I can go 4 ohms OR 16 ohms with the speakers. 
Plugged into the appropriate output jacks does this make any difference to the amp, speakers or the oveall tone.
G.

Just one more question..
Do speakers really care if you hook them up in series or parallel..( not talking about total Ohms output)?


----------



## greco (Jul 15, 2007)

GTmaker said:


> Plugged into the appropriate output jacks does this make any difference to the amp, speakers or the overall tone?


If the impedance matches (which is what you are stating) ...I'm going to say "NO" is the answer to this question.



GTmaker said:


> Do speakers really care if you hook them up in series or parallel..( not talking about total Ohms output)?

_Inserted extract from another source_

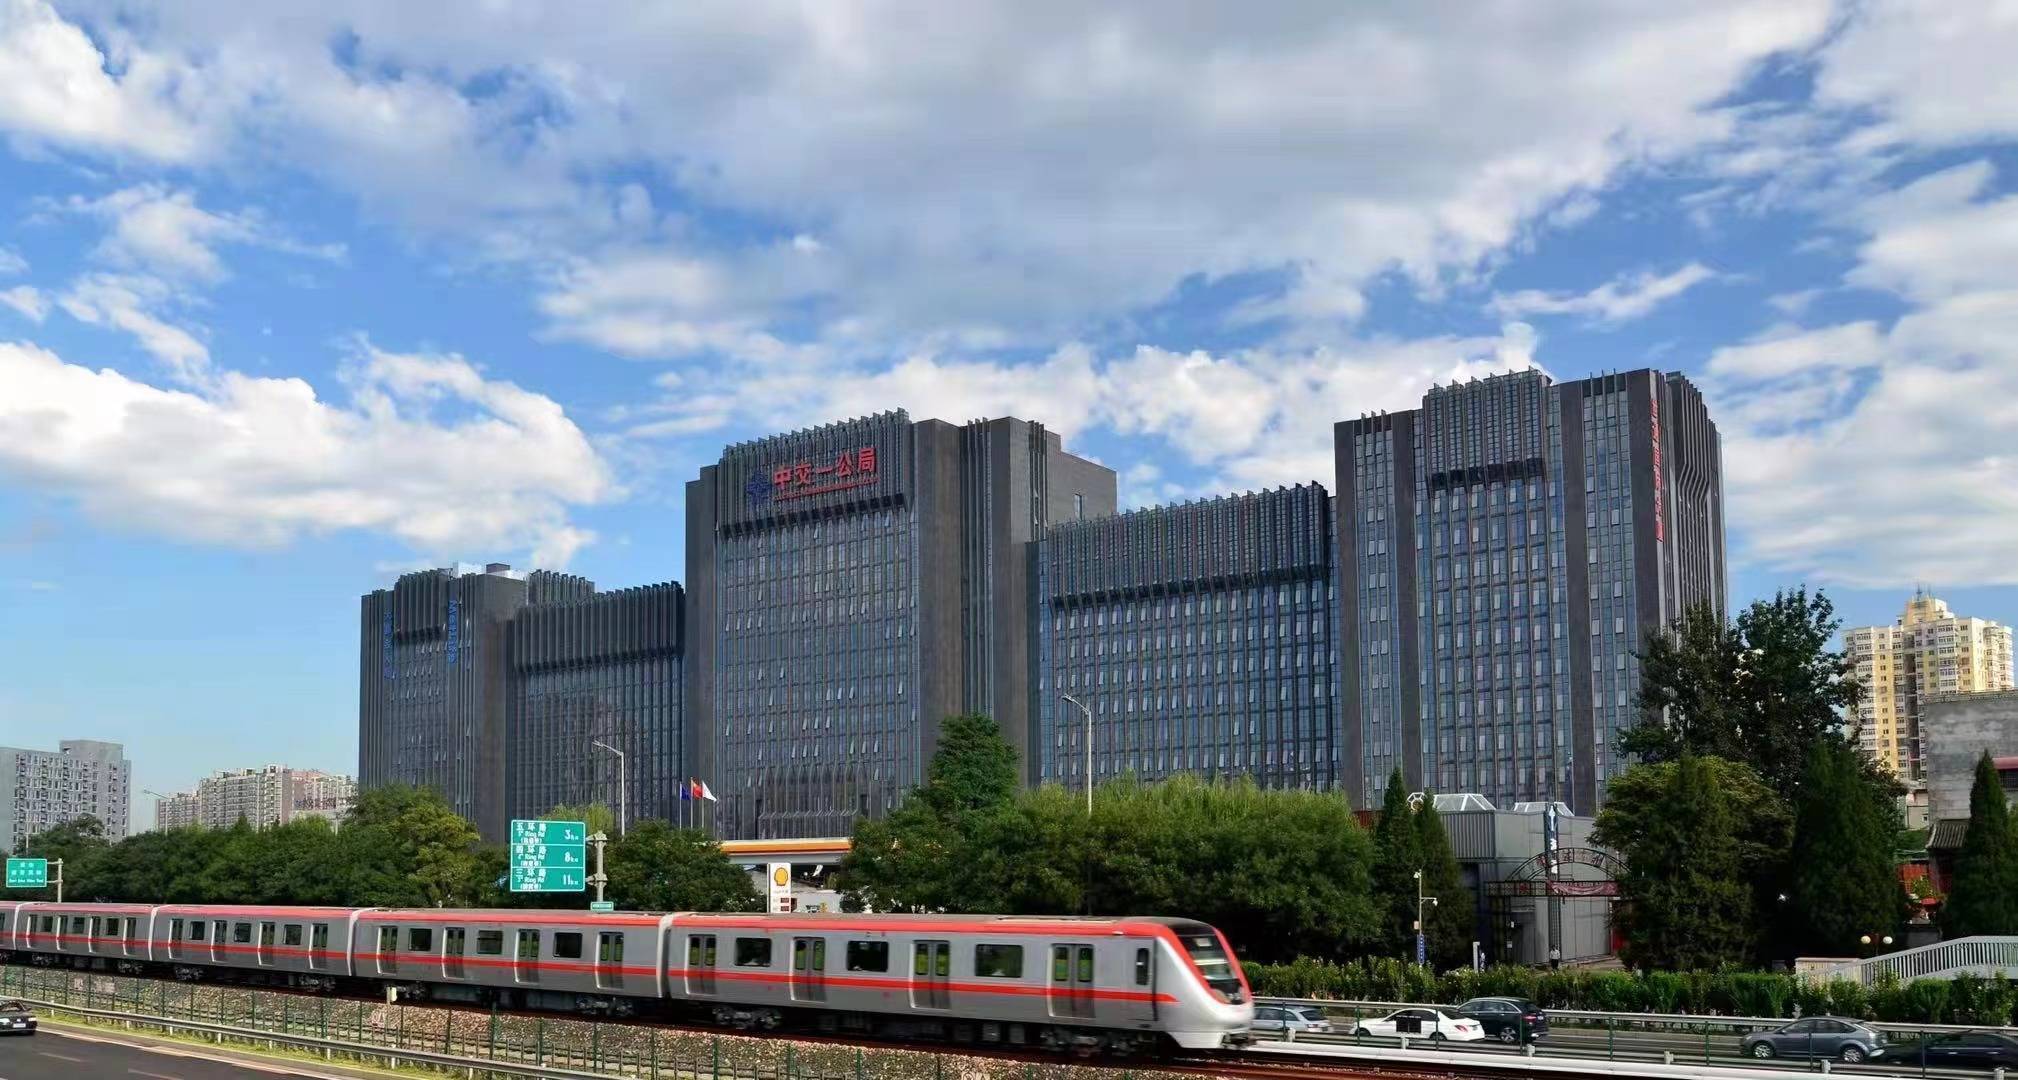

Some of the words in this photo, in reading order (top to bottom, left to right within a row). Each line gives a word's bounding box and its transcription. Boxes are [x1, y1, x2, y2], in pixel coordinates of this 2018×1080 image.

Again, I'm going to say "NO".

However, if your speakers are emotional, they might "care" and be elated if wired in series and depressed if wired in parallel (or the reverse).
FINE PRINT: Sorry...I just couldn't resist. I'll buy the coffee next time.


----------



## keto (May 23, 2006)

Actually, it might make a difference. I forget the tech behind it, and might butcher this explanation badly but someone who actually knows what they're talking about will be along sooner or later. Essentially flowing the charge thru the output of the amp, it might sound differently at 4, 8, or 16, even if going to an exact rated match, because of how the transformer is made. But it is going to be a small difference, possibly imperceptible. Or, maybe you crank it up loud and can clearly hear a difference. Probably depends from amp to amp and transformer to transformer.

Series/parallel, Ima gonna say 'no' also. In that case, it's straight up electricity with no transformer doing any translating so to speak.


----------



## Granny Gremlin (Jun 3, 2016)

Series / parallel doesn't sound different, and power handling remains the same, but there is an argument for parallel, in that if a speaker goes, you still have another to provide some load. With series, if one goes you'll have an open circuit. Get it quick enough and with most decently robust amps no problem, but if that goes on long enough bad things happen.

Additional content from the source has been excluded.